No relationship compares to that of parent and child. The Lebanese writer Kahlil Gibran, in his book The Prophet, wrote a poem/prose On Children, which you can read at the end of this post. In a nutshell, Gibran writes that as parents, we can house our children’s bodies but not their souls. We can strive to be like them but we shouldn’t try to make them be like us because children are of the future, and parents are of the past. We should think of ourselves as bows from where our children, as living arrows, are shot into the future. To Gibran, God determines the aim but the bow must remain firm and steady for the arrow to fly forward, while the bow stays behind.
Having children is a constant process of letting go, and as much as I think about this in terms of my own children, recently I’ve been thinking more from the point of view of the arrow, as a daughter.
My mother had surgery requiring her to be in the hospital for several days, and I spent much of my time with her. We are very different. To give you an idea, her hospital bag contained slippers, lipstick, and a hairbrush. There were also chocolates that she displayed on her table so the nurses would have a little treat. By contrast my bag would’ve had chap stick and a scrappy hair band so I would’t have to worry about hair. There wouldn’t be any chocolate because I would’ve eaten them all. My mom would’ve reminded me to pack slippers, and I would’ve agreed to take them.
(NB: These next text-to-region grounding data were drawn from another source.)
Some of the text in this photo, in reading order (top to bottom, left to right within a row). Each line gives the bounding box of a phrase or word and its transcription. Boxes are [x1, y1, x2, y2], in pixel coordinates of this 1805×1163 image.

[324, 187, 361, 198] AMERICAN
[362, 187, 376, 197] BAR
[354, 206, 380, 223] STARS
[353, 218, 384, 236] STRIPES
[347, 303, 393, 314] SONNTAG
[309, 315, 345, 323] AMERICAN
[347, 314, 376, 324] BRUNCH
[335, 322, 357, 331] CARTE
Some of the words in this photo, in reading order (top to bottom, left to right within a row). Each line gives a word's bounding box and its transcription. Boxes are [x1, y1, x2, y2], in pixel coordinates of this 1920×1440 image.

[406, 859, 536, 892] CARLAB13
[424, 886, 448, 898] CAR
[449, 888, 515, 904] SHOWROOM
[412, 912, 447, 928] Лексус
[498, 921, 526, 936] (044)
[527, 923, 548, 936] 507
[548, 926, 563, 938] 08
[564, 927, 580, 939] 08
As the child arrow, I flew far away. I lived in different cities, countries and continents than my parents. I had adventures in deserts and oceans; I blazed my own path with all it’s pitfalls and triumphs.
Yet as far away as I went, there is nothing like the love of a child towards their mother. I remember reading and crying over the case of a badly beaten child. His mother abused him by burning him with cigarette butts and even as the doctors dressed his wounds, the boy cried for his mother. He knew she was the one that hurt him, yet in his time of need what he wanted most was to have her.
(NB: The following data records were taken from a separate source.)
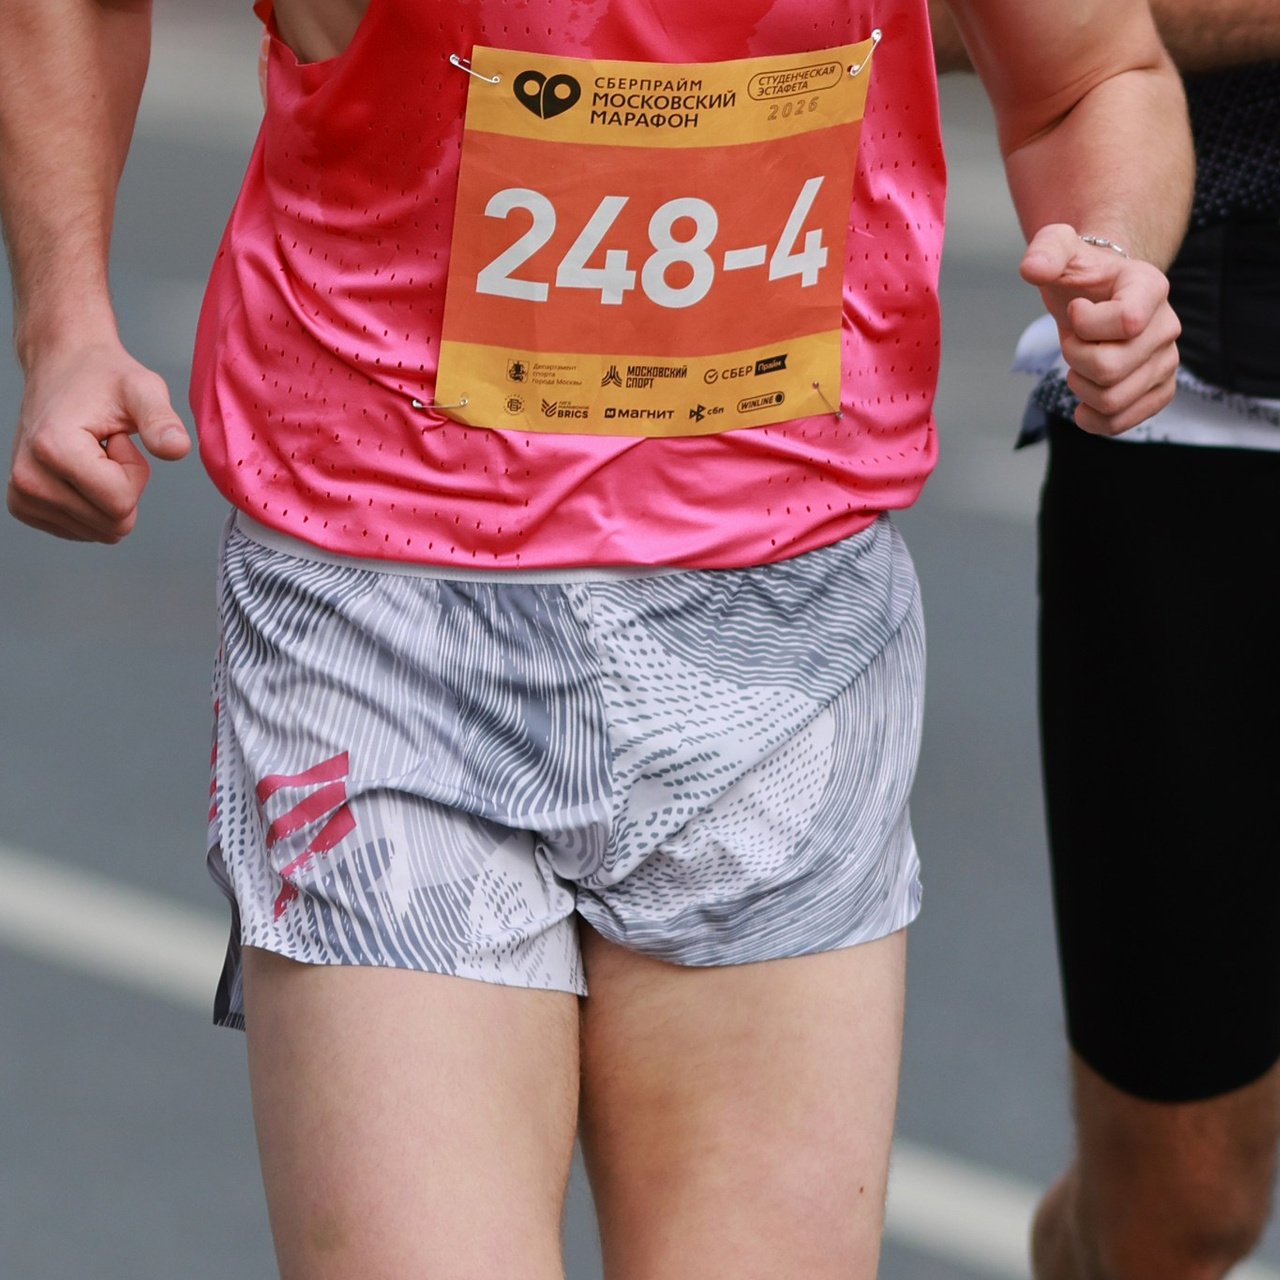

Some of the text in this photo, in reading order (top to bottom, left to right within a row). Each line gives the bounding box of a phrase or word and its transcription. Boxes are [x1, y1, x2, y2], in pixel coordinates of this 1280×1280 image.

[758, 65, 836, 86] СТУДЕНЧЕСКАЯ
[594, 76, 702, 92] СБЕРПРАЙМ
[757, 81, 809, 97] ЭСТАФЕТА
[592, 89, 736, 110] МОСКОВСКИЙ
[767, 96, 820, 121] 2026
[590, 110, 699, 128] МАРАФОН
[475, 175, 828, 309] 248-4
[626, 365, 688, 379] МОСКОВСКИЙ
[721, 365, 754, 380] СБЕР
[625, 378, 654, 389] СПОРТ
[740, 395, 774, 411] WINLINE
[557, 410, 589, 419] BRICS
That thought gives me solace when I feel I messed up something with my kids; when I yell a little louder then usual or say something a little stronger than perhaps necessary. I am my children’s bow, they will always search for me, just as I will always be connected to my mother.
As independent as I am, I cannot imagine life without her. So even if the surgery was not life threatening, I can’t say I wasn’t apprehensive when I said goodbye as she went to the hospital.
The hardest part of a surgery is the first day, and I was there to help. My mother was in a lot of pain, but the nurse said that she should try to take some steps to get her intestines moving again. My mom wanted to stand up right away, and the nurse had to remind her to “take it easy, go slowly, don’t do too much all at once.” The nurse explained that she could feel faint and nauseous and so she had to first raise the back of the bed and stay there half an hour, then turn with her feet off the bed and sit there for five minutes and then lay back down. Later she should do that again, and get up. Later do that again and take a couple of steps, and so on.
My mother’s response was “I want to get out of here.” And though it was obviously painful as evidenced by a grimace on her face and stops to take deep breaths, the woman kept on going. She stood up and walked on her first attempt. I looked towards the floor and smiled; I didn’t realize I might have gotten my determination from her.
Knowing that all would be well, my sister and I spent the following three days with her at the hospital. We had a little routine going: I’d get there early in the morning, she would arrive for lunch, and I would leave in the early afternoon to pick up my boys from school.
While at the hospital, the world stopped. There was nowhere to go, and other than taking my mom for a walk around the ward there was nothing left to do other than let time heal her wounds. Every afternoon when I left the hospital, the real world descended upon me with a vengeance that left me simultaneously frazzled and exhausted.
My mother is now home, and my life is returning to normal though I visit her often as I live down the street. Yesterday, she was on her bed with all her grandchildren who came to visit. She loves the company and noted she was only missing my other sister who lives in California to make her complete. I know what she means; the place I belong to now is with Joe and my boys. They are my everything. And I hope that as a parent, I will have given my own children the freedom to be who they need to be, but the knowledge that as arrows, they can always come home to a sturdy bow.
Gracias Mami.
How about you? How is your mother/daughter mother/son relationship? If you have children, what is your relationship with them?
Children – From The Prophet, by Khalil Gibran
And a woman who held a babe against her bosom said, “Speak to us of Children.” And he said:
Your children are not your children.
They are the sons and daughters of Life’s longing for itself.
They come through you but not from you,
And though they are with you, yet they belong not to you.
You may give them your love but not your thoughts.
For they have their own thoughts.
You may house their bodies but not their souls,
For their souls dwell in the house of tomorrow, which you cannot visit, not even in your dreams.
You may strive to be like them, but seek not to make them like you.
For life goes not backward nor tarries with yesterday.
You are the bows from which your children as living arrows are sent forth.
The archer sees the mark upon the path of the infinite, and He bends you with His might that His arrows may go swift and far.
Let your bending in the archer’s hand be for gladness;
For even as he loves the arrow that flies, so He loves also the bow that is stable.